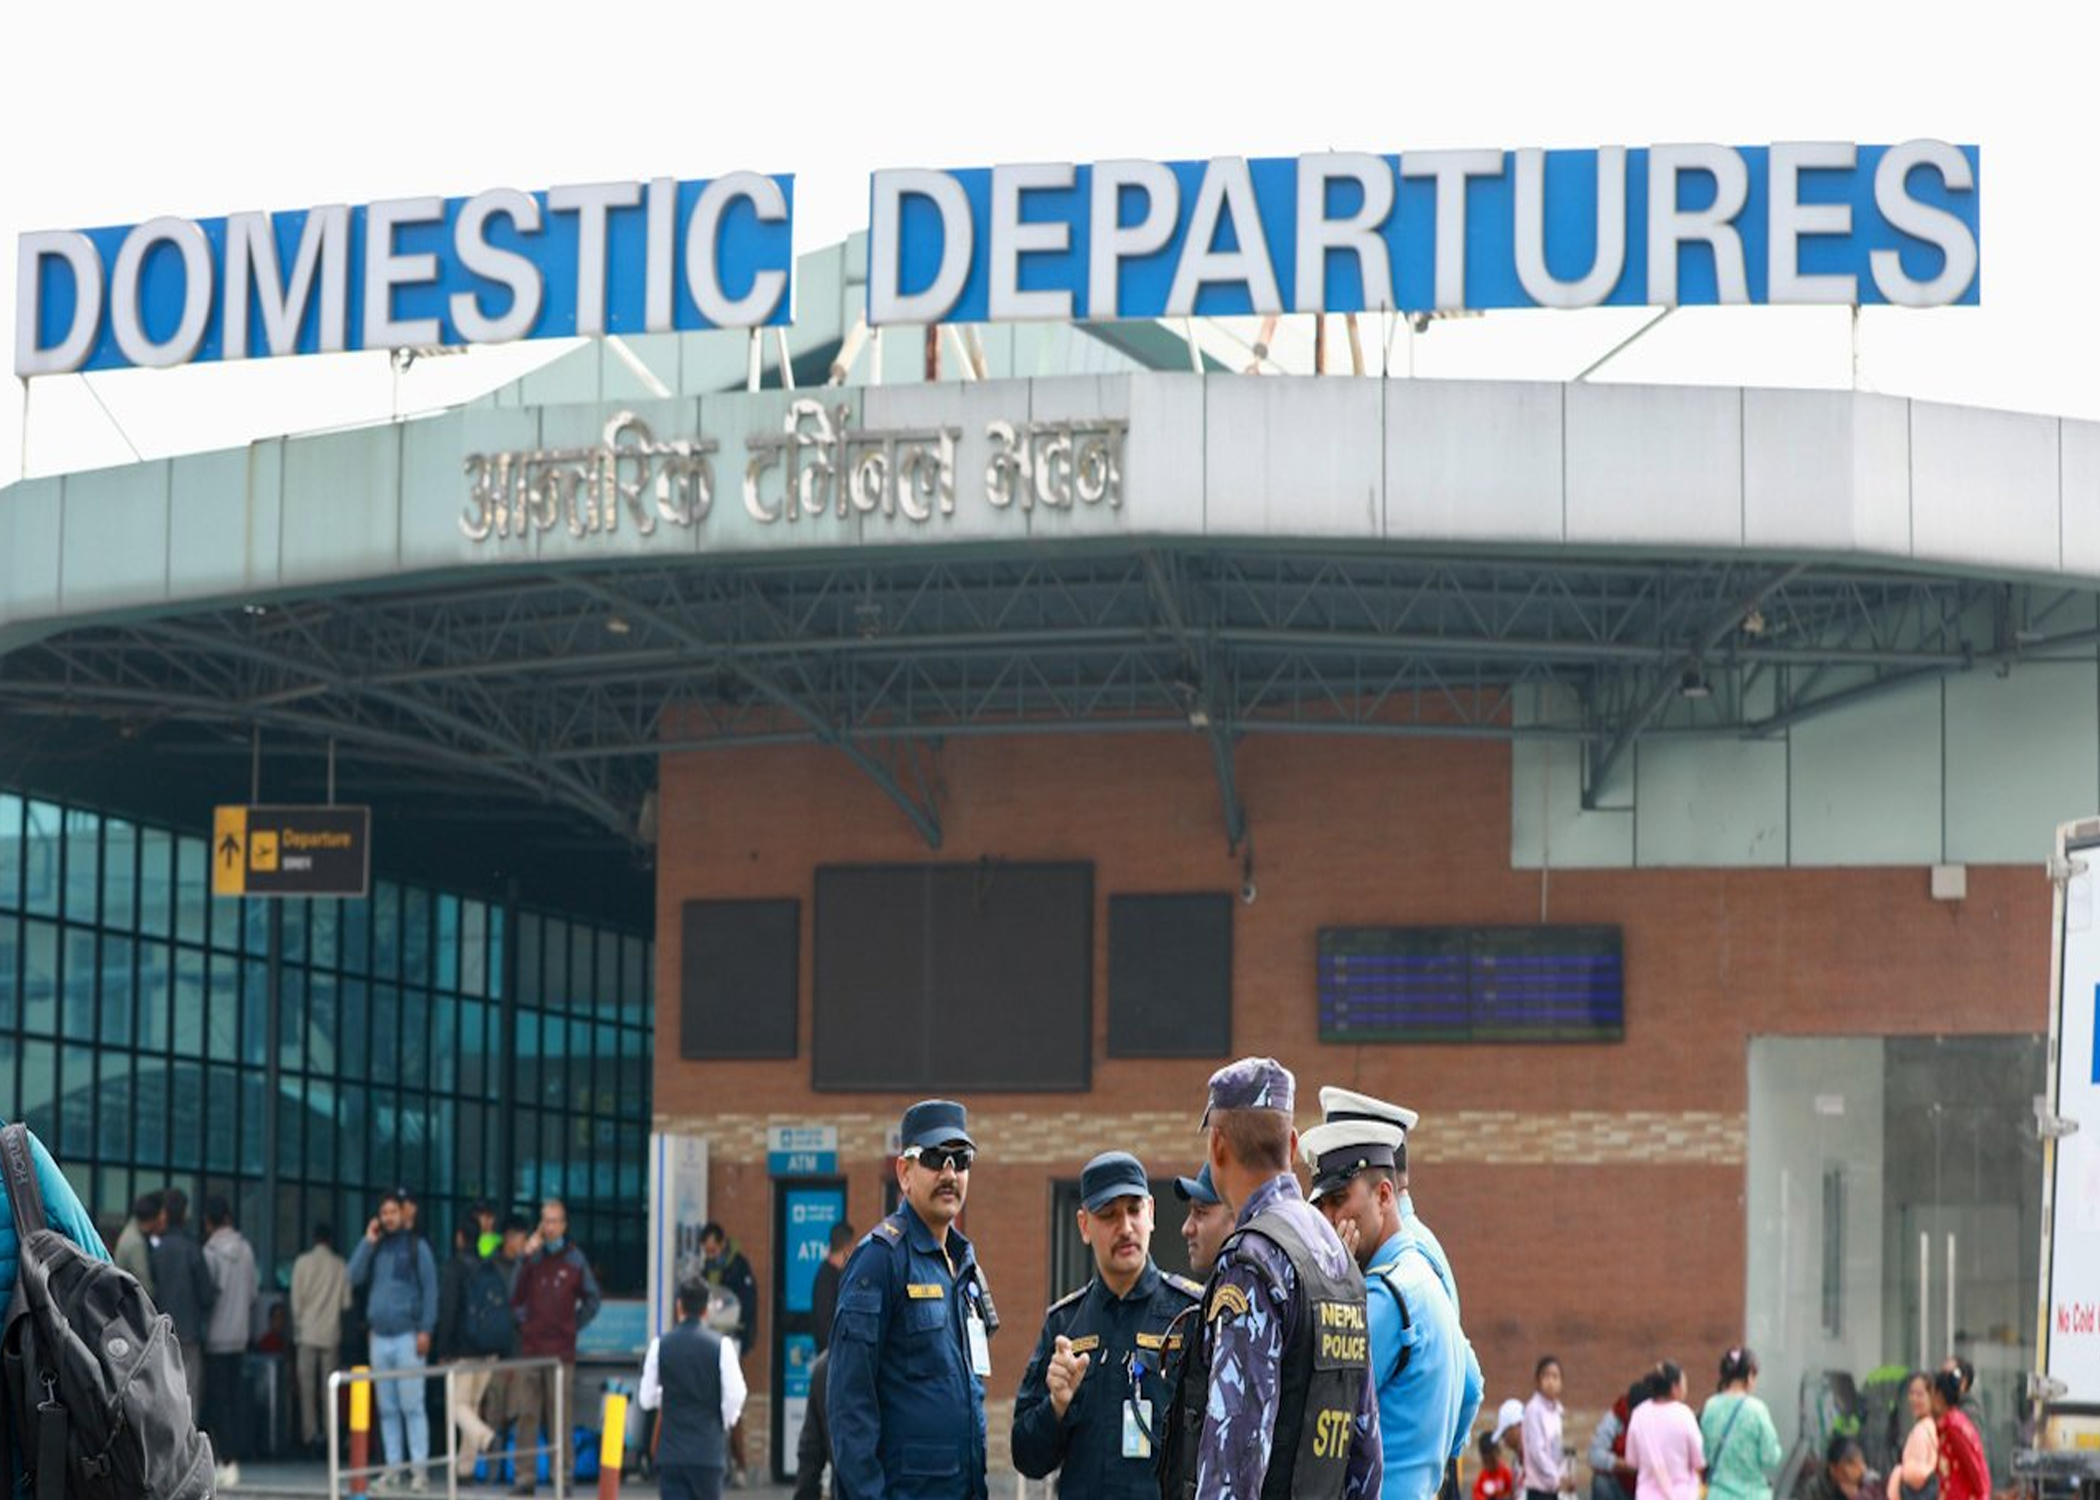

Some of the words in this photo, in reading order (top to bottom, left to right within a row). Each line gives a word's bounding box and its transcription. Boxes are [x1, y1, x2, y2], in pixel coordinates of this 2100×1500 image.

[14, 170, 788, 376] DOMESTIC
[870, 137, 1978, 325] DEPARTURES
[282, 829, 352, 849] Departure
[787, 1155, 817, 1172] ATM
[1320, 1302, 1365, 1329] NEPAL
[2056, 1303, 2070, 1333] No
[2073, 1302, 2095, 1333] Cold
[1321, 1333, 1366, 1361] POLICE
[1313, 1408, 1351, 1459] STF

—————

EXERCISE AIM:
Restate the whole listing above exactly, except for its images.

WRITTEN RESPONSE:
Some of the words in this photo, in reading order (top to bottom, left to right within a row). Each line gives a word's bounding box and its transcription. Boxes are [x1, y1, x2, y2], in pixel coordinates of this 2100×1500 image.

[14, 170, 788, 376] DOMESTIC
[870, 137, 1978, 325] DEPARTURES
[282, 829, 352, 849] Departure
[787, 1155, 817, 1172] ATM
[1320, 1302, 1365, 1329] NEPAL
[2056, 1303, 2070, 1333] No
[2073, 1302, 2095, 1333] Cold
[1321, 1333, 1366, 1361] POLICE
[1313, 1408, 1351, 1459] STF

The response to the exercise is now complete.